_What you will do_
Could you write out each of the records below exactly?

==== Raw data ====

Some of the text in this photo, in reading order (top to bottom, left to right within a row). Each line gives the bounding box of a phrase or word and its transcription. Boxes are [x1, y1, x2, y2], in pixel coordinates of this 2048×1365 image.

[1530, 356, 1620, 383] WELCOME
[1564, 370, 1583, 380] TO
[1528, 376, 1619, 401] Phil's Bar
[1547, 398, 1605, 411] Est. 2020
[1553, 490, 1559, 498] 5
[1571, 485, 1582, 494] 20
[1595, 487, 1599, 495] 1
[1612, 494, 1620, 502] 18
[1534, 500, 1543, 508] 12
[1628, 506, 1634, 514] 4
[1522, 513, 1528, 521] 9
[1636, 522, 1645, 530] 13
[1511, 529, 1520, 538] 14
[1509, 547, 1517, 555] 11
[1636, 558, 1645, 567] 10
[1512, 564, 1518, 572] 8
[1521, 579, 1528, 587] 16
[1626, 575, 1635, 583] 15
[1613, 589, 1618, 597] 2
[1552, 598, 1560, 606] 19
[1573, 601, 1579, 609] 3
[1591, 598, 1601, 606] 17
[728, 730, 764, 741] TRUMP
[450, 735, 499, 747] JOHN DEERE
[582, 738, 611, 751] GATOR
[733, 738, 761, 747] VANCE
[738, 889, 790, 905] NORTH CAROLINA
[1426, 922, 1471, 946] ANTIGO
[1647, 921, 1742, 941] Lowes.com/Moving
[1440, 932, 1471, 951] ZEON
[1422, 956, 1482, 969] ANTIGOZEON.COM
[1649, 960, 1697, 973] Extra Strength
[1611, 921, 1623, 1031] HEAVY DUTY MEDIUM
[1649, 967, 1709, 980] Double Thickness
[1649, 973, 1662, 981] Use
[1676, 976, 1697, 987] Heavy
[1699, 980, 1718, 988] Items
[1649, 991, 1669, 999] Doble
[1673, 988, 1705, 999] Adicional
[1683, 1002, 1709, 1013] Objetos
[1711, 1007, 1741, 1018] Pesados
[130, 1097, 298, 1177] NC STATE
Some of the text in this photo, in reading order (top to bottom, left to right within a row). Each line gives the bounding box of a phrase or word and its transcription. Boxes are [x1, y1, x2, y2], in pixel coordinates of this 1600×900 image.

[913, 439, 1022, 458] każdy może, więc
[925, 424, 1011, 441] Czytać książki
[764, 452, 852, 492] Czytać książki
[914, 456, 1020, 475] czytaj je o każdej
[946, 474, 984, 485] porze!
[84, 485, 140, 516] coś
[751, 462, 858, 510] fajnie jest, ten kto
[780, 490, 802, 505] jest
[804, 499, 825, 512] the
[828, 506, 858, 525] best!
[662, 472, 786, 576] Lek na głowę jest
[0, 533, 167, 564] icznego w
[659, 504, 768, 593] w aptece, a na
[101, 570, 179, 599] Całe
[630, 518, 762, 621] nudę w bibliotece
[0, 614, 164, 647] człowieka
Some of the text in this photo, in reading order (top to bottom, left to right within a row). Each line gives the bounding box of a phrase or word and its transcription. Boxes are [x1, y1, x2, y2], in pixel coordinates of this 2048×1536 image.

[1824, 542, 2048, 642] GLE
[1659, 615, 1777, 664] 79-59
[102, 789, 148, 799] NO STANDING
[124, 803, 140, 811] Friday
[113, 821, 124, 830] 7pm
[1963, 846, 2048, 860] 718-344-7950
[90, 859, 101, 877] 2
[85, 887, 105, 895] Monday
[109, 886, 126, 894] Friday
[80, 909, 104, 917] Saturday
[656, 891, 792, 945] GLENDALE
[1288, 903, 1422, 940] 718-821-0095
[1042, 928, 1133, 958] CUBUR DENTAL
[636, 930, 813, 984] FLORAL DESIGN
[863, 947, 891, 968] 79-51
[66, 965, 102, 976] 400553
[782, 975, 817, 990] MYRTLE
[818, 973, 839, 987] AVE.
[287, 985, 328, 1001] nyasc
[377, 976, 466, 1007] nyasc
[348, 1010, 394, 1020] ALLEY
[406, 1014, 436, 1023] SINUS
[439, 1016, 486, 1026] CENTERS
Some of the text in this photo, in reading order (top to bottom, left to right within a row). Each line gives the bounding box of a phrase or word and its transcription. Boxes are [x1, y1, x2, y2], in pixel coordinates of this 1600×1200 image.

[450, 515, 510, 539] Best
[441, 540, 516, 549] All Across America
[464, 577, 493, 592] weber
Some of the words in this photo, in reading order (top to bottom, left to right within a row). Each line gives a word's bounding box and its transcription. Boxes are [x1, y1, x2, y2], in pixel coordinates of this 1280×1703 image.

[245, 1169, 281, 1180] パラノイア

====

_Problem solution_
Some of the text in this photo, in reading order (top to bottom, left to right within a row). Each line gives the bounding box of a phrase or word and its transcription. Boxes are [x1, y1, x2, y2], in pixel coordinates of this 2048×1365 image.

[1530, 356, 1620, 383] WELCOME
[1564, 370, 1583, 380] TO
[1528, 376, 1619, 401] Phil's Bar
[1547, 398, 1605, 411] Est. 2020
[1553, 490, 1559, 498] 5
[1571, 485, 1582, 494] 20
[1595, 487, 1599, 495] 1
[1612, 494, 1620, 502] 18
[1534, 500, 1543, 508] 12
[1628, 506, 1634, 514] 4
[1522, 513, 1528, 521] 9
[1636, 522, 1645, 530] 13
[1511, 529, 1520, 538] 14
[1509, 547, 1517, 555] 11
[1636, 558, 1645, 567] 10
[1512, 564, 1518, 572] 8
[1521, 579, 1528, 587] 16
[1626, 575, 1635, 583] 15
[1613, 589, 1618, 597] 2
[1552, 598, 1560, 606] 19
[1573, 601, 1579, 609] 3
[1591, 598, 1601, 606] 17
[728, 730, 764, 741] TRUMP
[450, 735, 499, 747] JOHN DEERE
[582, 738, 611, 751] GATOR
[733, 738, 761, 747] VANCE
[738, 889, 790, 905] NORTH CAROLINA
[1426, 922, 1471, 946] ANTIGO
[1647, 921, 1742, 941] Lowes.com/Moving
[1440, 932, 1471, 951] ZEON
[1422, 956, 1482, 969] ANTIGOZEON.COM
[1649, 960, 1697, 973] Extra Strength
[1611, 921, 1623, 1031] HEAVY DUTY MEDIUM
[1649, 967, 1709, 980] Double Thickness
[1649, 973, 1662, 981] Use
[1676, 976, 1697, 987] Heavy
[1699, 980, 1718, 988] Items
[1649, 991, 1669, 999] Doble
[1673, 988, 1705, 999] Adicional
[1683, 1002, 1709, 1013] Objetos
[1711, 1007, 1741, 1018] Pesados
[130, 1097, 298, 1177] NC STATE
Some of the text in this photo, in reading order (top to bottom, left to right within a row). Each line gives the bounding box of a phrase or word and its transcription. Boxes are [x1, y1, x2, y2], in pixel coordinates of this 1600×900 image.

[913, 439, 1022, 458] każdy może, więc
[925, 424, 1011, 441] Czytać książki
[764, 452, 852, 492] Czytać książki
[914, 456, 1020, 475] czytaj je o każdej
[946, 474, 984, 485] porze!
[84, 485, 140, 516] coś
[751, 462, 858, 510] fajnie jest, ten kto
[780, 490, 802, 505] jest
[804, 499, 825, 512] the
[828, 506, 858, 525] best!
[662, 472, 786, 576] Lek na głowę jest
[0, 533, 167, 564] icznego w
[659, 504, 768, 593] w aptece, a na
[101, 570, 179, 599] Całe
[630, 518, 762, 621] nudę w bibliotece
[0, 614, 164, 647] człowieka
Some of the text in this photo, in reading order (top to bottom, left to right within a row). Each line gives the bounding box of a phrase or word and its transcription. Boxes are [x1, y1, x2, y2], in pixel coordinates of this 2048×1536 image.

[1824, 542, 2048, 642] GLE
[1659, 615, 1777, 664] 79-59
[102, 789, 148, 799] NO STANDING
[124, 803, 140, 811] Friday
[113, 821, 124, 830] 7pm
[1963, 846, 2048, 860] 718-344-7950
[90, 859, 101, 877] 2
[85, 887, 105, 895] Monday
[109, 886, 126, 894] Friday
[80, 909, 104, 917] Saturday
[656, 891, 792, 945] GLENDALE
[1288, 903, 1422, 940] 718-821-0095
[1042, 928, 1133, 958] CUBUR DENTAL
[636, 930, 813, 984] FLORAL DESIGN
[863, 947, 891, 968] 79-51
[66, 965, 102, 976] 400553
[782, 975, 817, 990] MYRTLE
[818, 973, 839, 987] AVE.
[287, 985, 328, 1001] nyasc
[377, 976, 466, 1007] nyasc
[348, 1010, 394, 1020] ALLEY
[406, 1014, 436, 1023] SINUS
[439, 1016, 486, 1026] CENTERS
Some of the text in this photo, in reading order (top to bottom, left to right within a row). Each line gives the bounding box of a phrase or word and its transcription. Boxes are [x1, y1, x2, y2], in pixel coordinates of this 1600×1200 image.

[450, 515, 510, 539] Best
[441, 540, 516, 549] All Across America
[464, 577, 493, 592] weber
Some of the words in this photo, in reading order (top to bottom, left to right within a row). Each line gives a word's bounding box and its transcription. Boxes are [x1, y1, x2, y2], in pixel coordinates of this 1280×1703 image.

[245, 1169, 281, 1180] パラノイア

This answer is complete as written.